2-6 December 2013
Cape Town
Africa/Johannesburg timezone
Abstract submission is closed. Registration will close on 22 November.

Radioactive ion beams for nuclear astrophysics at Texas A&M University

3 Dec 2013, 13:50
35m
iThemba LABS

iThemba LABS

Speaker

Dr Robert Tribble (Texas A&M University)

Description

We have developed indirect techniques to determine reaction rates at stellar energies for radioactive nuclei that are important in stellar evolution. The work to date has focused on measurements that are relevant for (p,gamma) reactions. The techniques that we have developed include determinations of Asymptotic Normalization Coefficients from transfer reactions to fix direct capture reaction rates and measurements of beta-delayed proton decay to determine resonances near the proton threshold.
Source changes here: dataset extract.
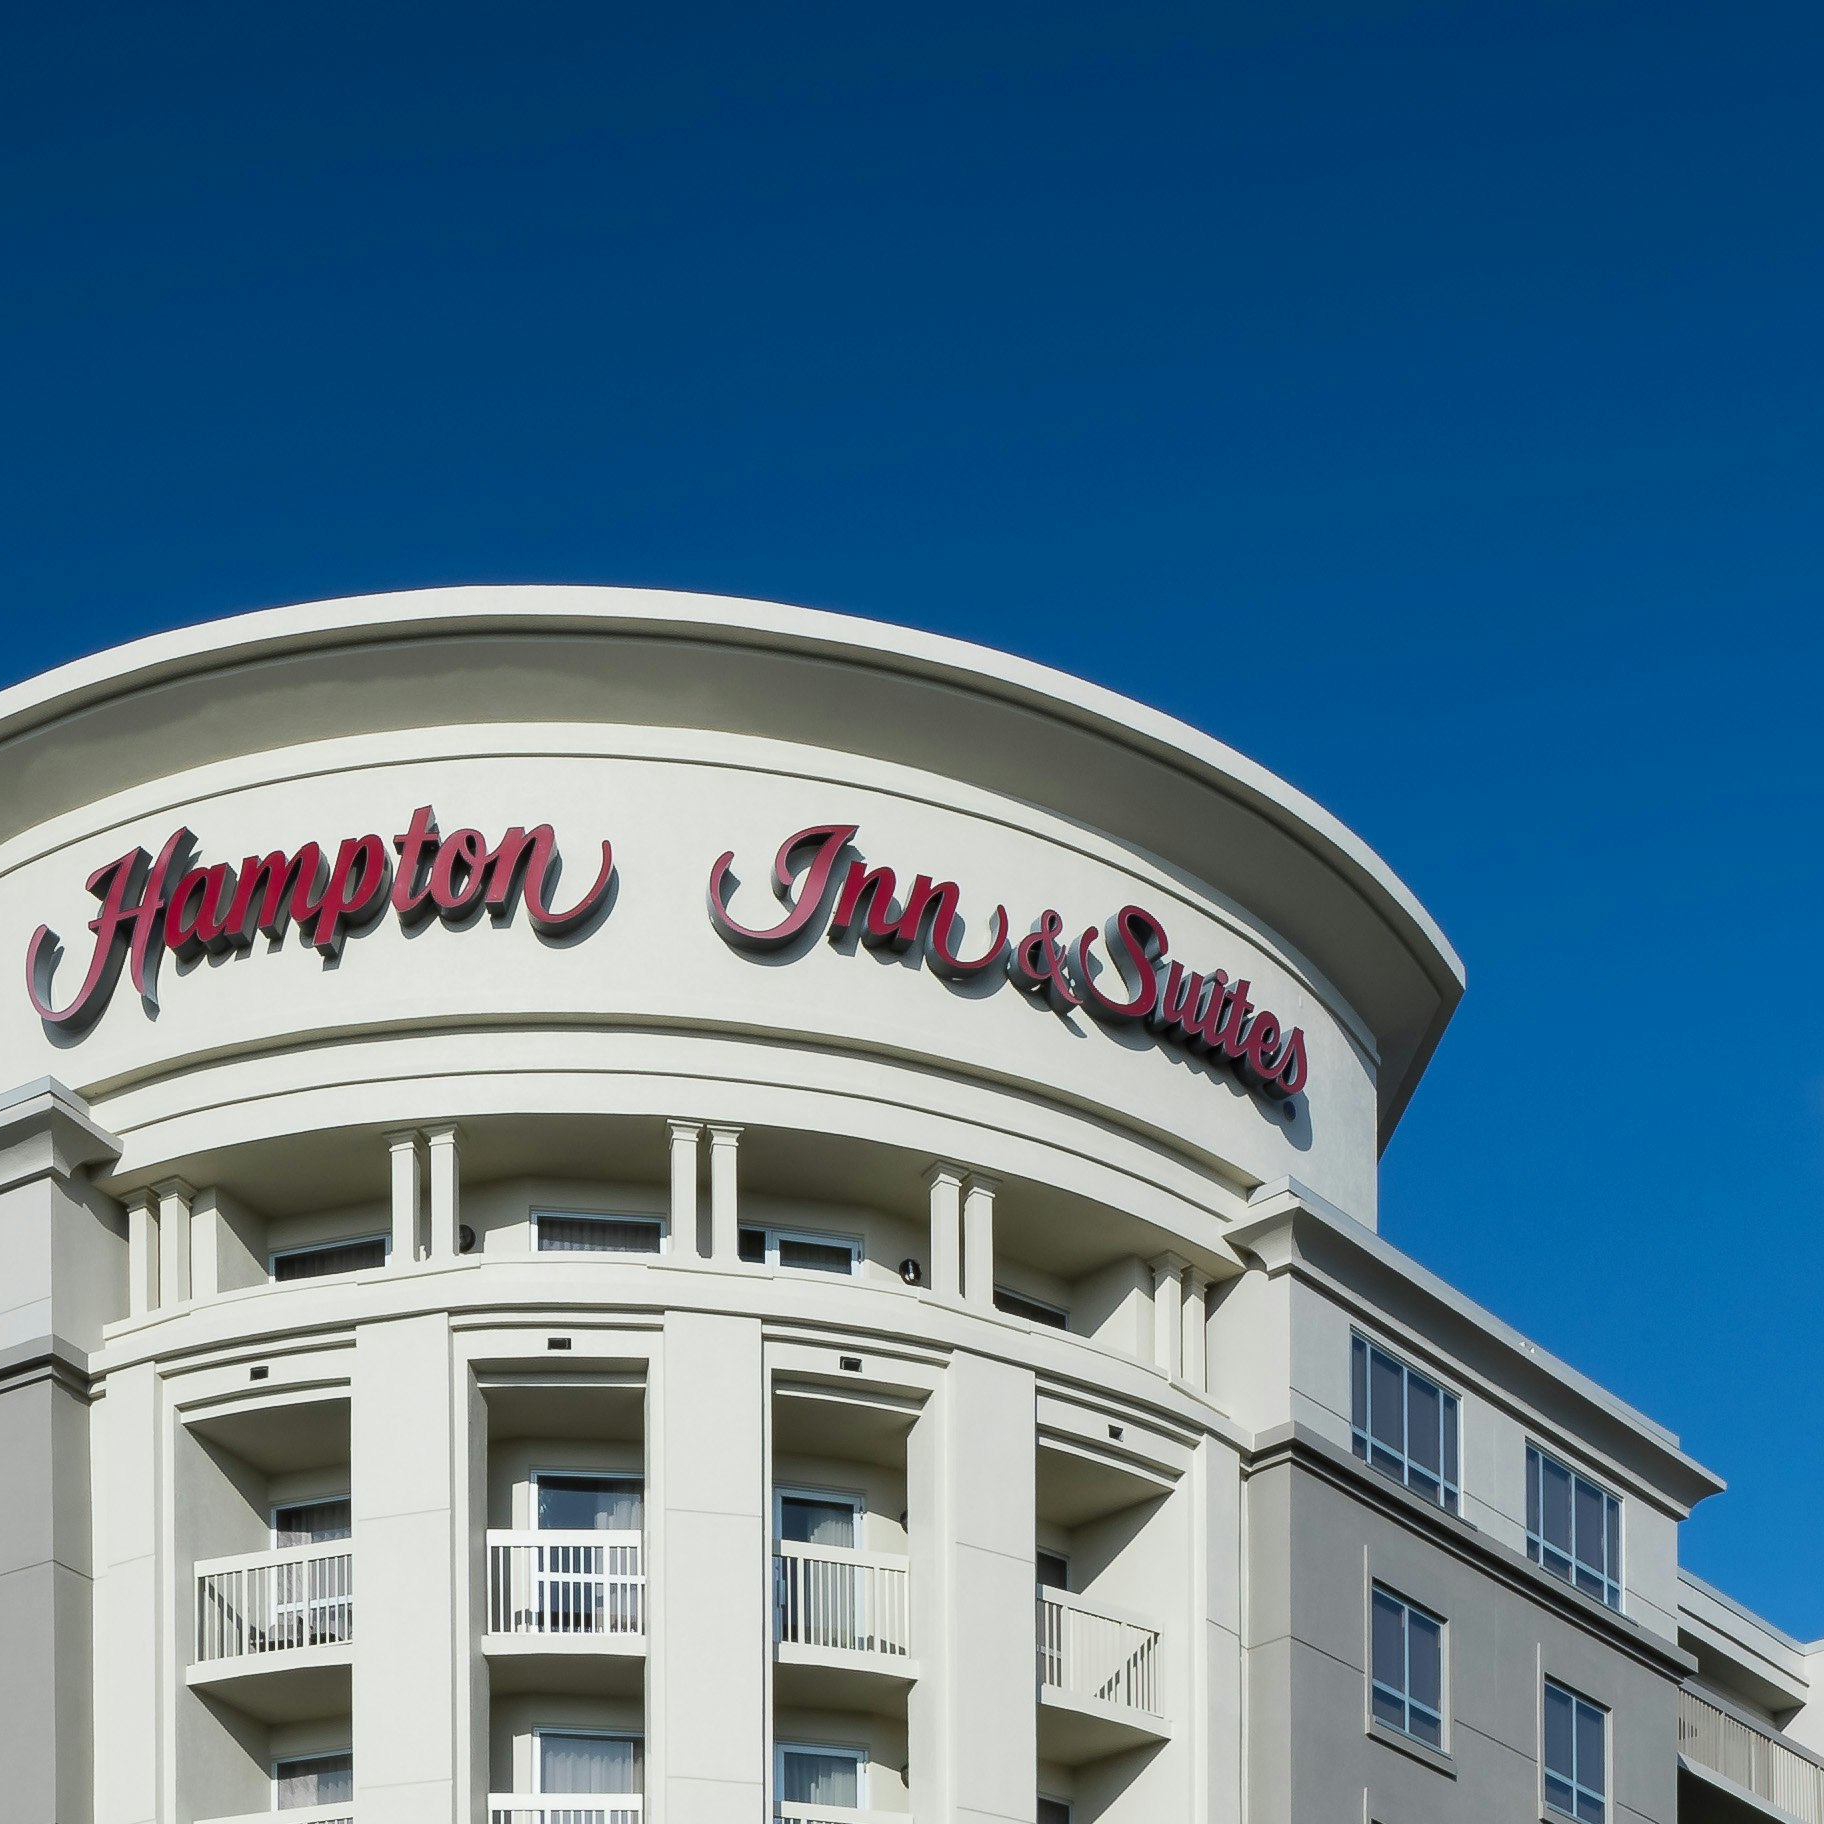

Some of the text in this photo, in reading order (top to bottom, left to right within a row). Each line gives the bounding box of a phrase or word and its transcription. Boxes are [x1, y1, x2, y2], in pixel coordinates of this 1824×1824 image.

[26, 804, 1307, 1096] Hampton Inn & Suites
Most of the work done at TAMU has used secondary radioactive beams that have been produced in-flight with stable beams from our K500 superconducting cyclotron, and then separated from other reaction products by our recoil mass spectrometer MARS. This technique leads to secondary beams that have a rather broad energy and angular acceptance. Thus the experiments that can be carried out with them are limited. A facility upgrade began at the TAMU Cyclotron Institute in January, 2005, that will soon allow us to produce accelerated radioactive beams. The radioactive ion beams will be produced by accelerating, in our K500 superconducting cyclotron, radioactive ions that will be produced by intense particle beams from our K150 cyclotron. This will lead to ion beams with very small energy spread and low emittance. The re-accelerated beams will then be used to extend our indirect measurements for nuclear astrophysics to heavier radioactive nuclei. In the presentation, I will first describe the recent work that we have been doing related to nuclear astrophysics. I will then give an overview of the upgrade project along with projections for accelerated secondary beams that will be produced following the upgrade. Finally I will discuss how we plan to use the accelerated beams to extend our determinations of (p,gamma) reaction rates for nuclei that participate in the rapid proton capture (rp-)process.

Primary author

Dr Robert Tribble (Texas A&M University)

Presentation Materials

There are no materials yet.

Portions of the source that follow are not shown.